I would like to count how many combinations of sorted numbers I can place in the array.
For example :
If n = 3, max = 2.(the only numbers we can use is 1/2 as max is 2) so there are 4 combinations of sorted arrays
1. {1,1,1}
2. {1,1,2}
3. {1,2,2}
4. {2,2,2}
I wrote some code and succeed to pass this specific example but any other example that max > 2 doesn't return the correct answer.
the problem as I identify it is when the recursion reaches the last index it doesn't try a third number it just folds back.
my code :
private static int howManySorted(int n, int max, int index, int numToMax, int prevNum) {
// If the value is bigger then max return 0
if(numToMax > max) {
return 0;
}
if (numToMax < prevNum) {
return 0;
}
//If Index reached the end of the array return 1
if(index == n) {
return 1;
}
int sortTwo = howManySorted(n, max, index+1, numToMax, numToMax);
int sortOne = howManySorted(n, max, index+1, numToMax+1, numToMax);
return ((sortOne+sortTwo));
}
public static int howManySorted(int n, int max) {
return howManySorted(n, max, 0, 1, 0);
}
start with "{1," and add elements "{1,1" and/or value "{2," with each recursion. when it reach n elements array we add to the counter. n is the number of elements in the array max is the maximal value for each element. minimal is 1. element is the current cell in the array being manipulated. we start with 1 (in actual array means 0). value is the current value of the current element. we start with 1.

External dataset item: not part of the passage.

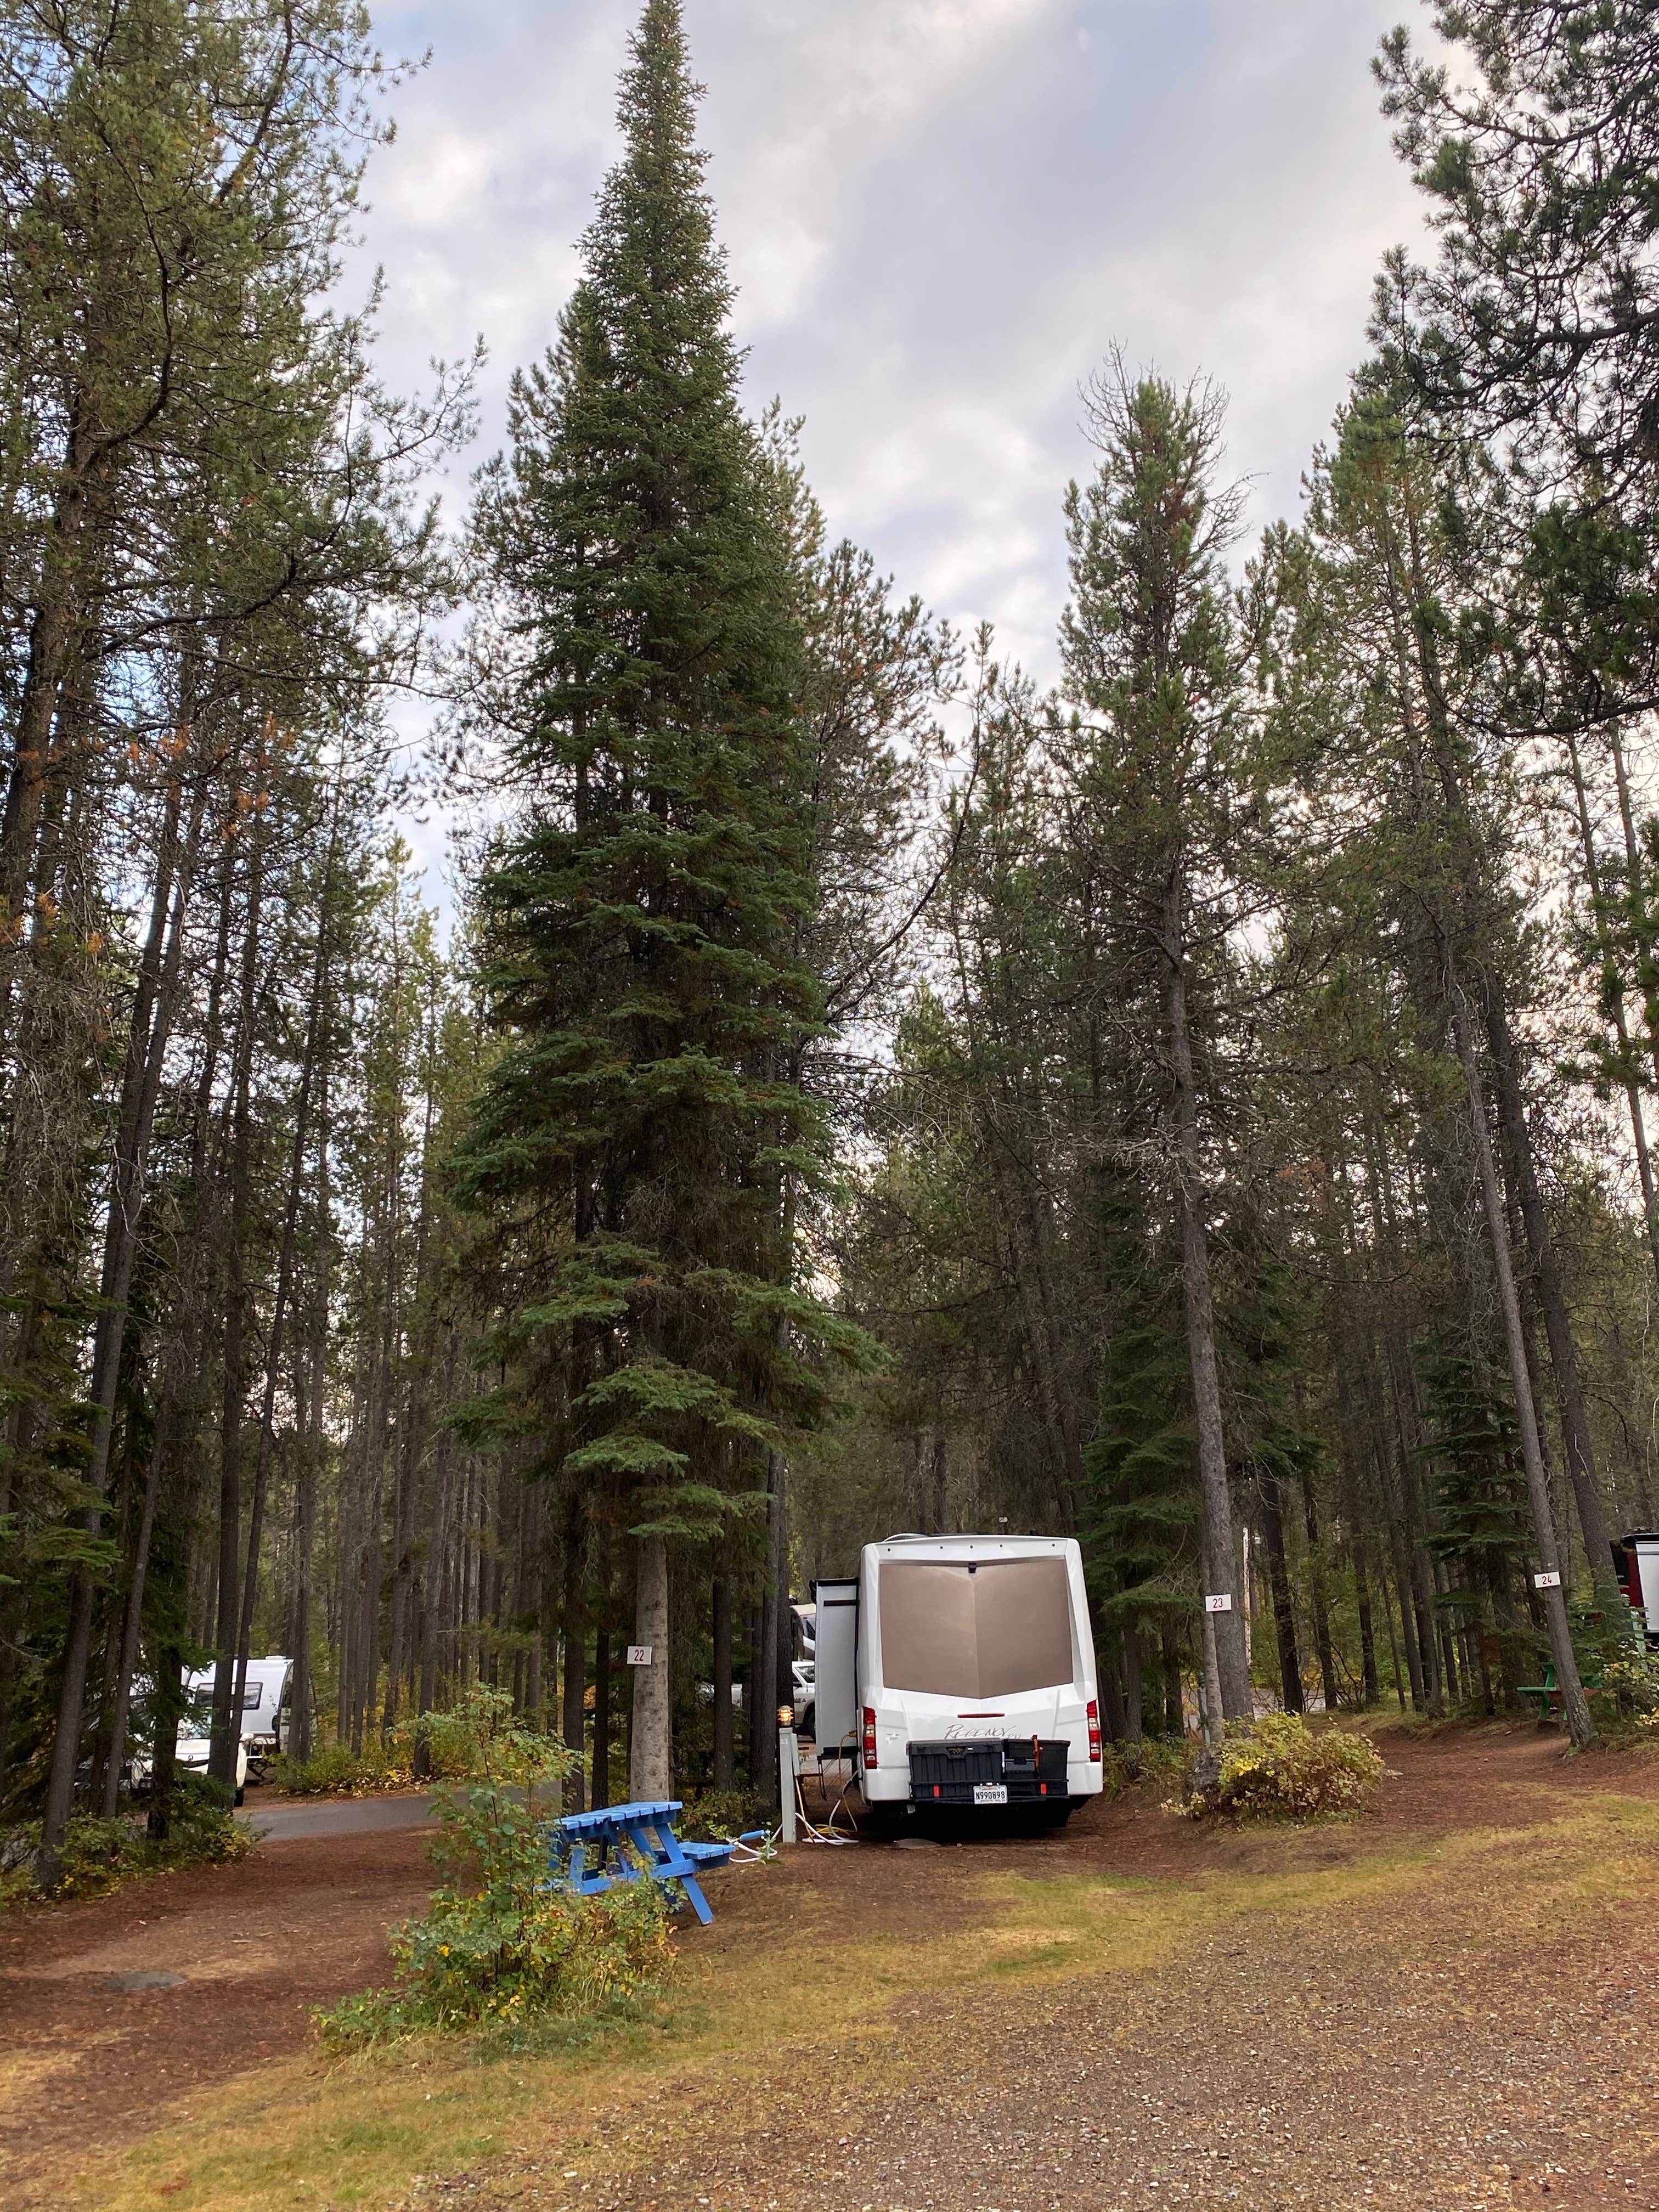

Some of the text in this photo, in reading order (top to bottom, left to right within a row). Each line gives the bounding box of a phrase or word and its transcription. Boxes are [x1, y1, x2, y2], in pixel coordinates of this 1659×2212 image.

[1542, 1575, 1552, 1584] 24
[1213, 1598, 1223, 1608] 23
[634, 1649, 644, 1661] 22
[976, 1791, 1005, 1799] N990898

// external function according to the given question
public static int count (int n, int max)
{
return count(n,max, 1, 1);
}
private static int count (int n, int max, int element, int value)
{
int counter = 0;
// only if our array reached n elements we count the comination
if (element == n)
counter++;
else // we need to continue to the next element with the same value
counter += count(n, max, element +1, value);
if (value < max) // if our current element didn't reach max value
counter += count (n, max, element, value+1);
return counter;
}
I think you would need to change your two recursive calls (this is why it only reaches value 2) and do as many calls as your max parameter:
private static int howManySorted(int n, int max, int index, int numToMax, int prevNum) {
// If the value is bigger then max return 0
if (numToMax > max) {
return 0;
}
if (numToMax < prevNum) {
return 0;
}
//If Index reached the end of the array return 1
if (index == n) {
return 1;
}
int result = 0;
for (int i = 0; i < max; i++)
result += howManySorted(n, max, index + 1, numToMax + i, numToMax);
return result;
}
I believe you can simplify your answer to something like this
private static long howManySorted(int length, int min, int max) {
if (length == 1) {
return max - min + 1;
}
// if (min == max) {
// return 1;
// }
long result = 0;
for (int i = min; i <= max; i++) {
result += howManySorted(length - 1, i, max);
}
return result;
}
public static long howManySorted(int length, int max) {
if ((length < 1) || (max < 1)) {
throw new IllegalArgumentException();
}
return howManySorted(length, 1, max);
}
Client should call the public method.
So as you can see terminate conditions are when remaining length is 1, or min reaches max. Even removing the second terminate condition doesn't change the result, but can improve the performance and number of recursions.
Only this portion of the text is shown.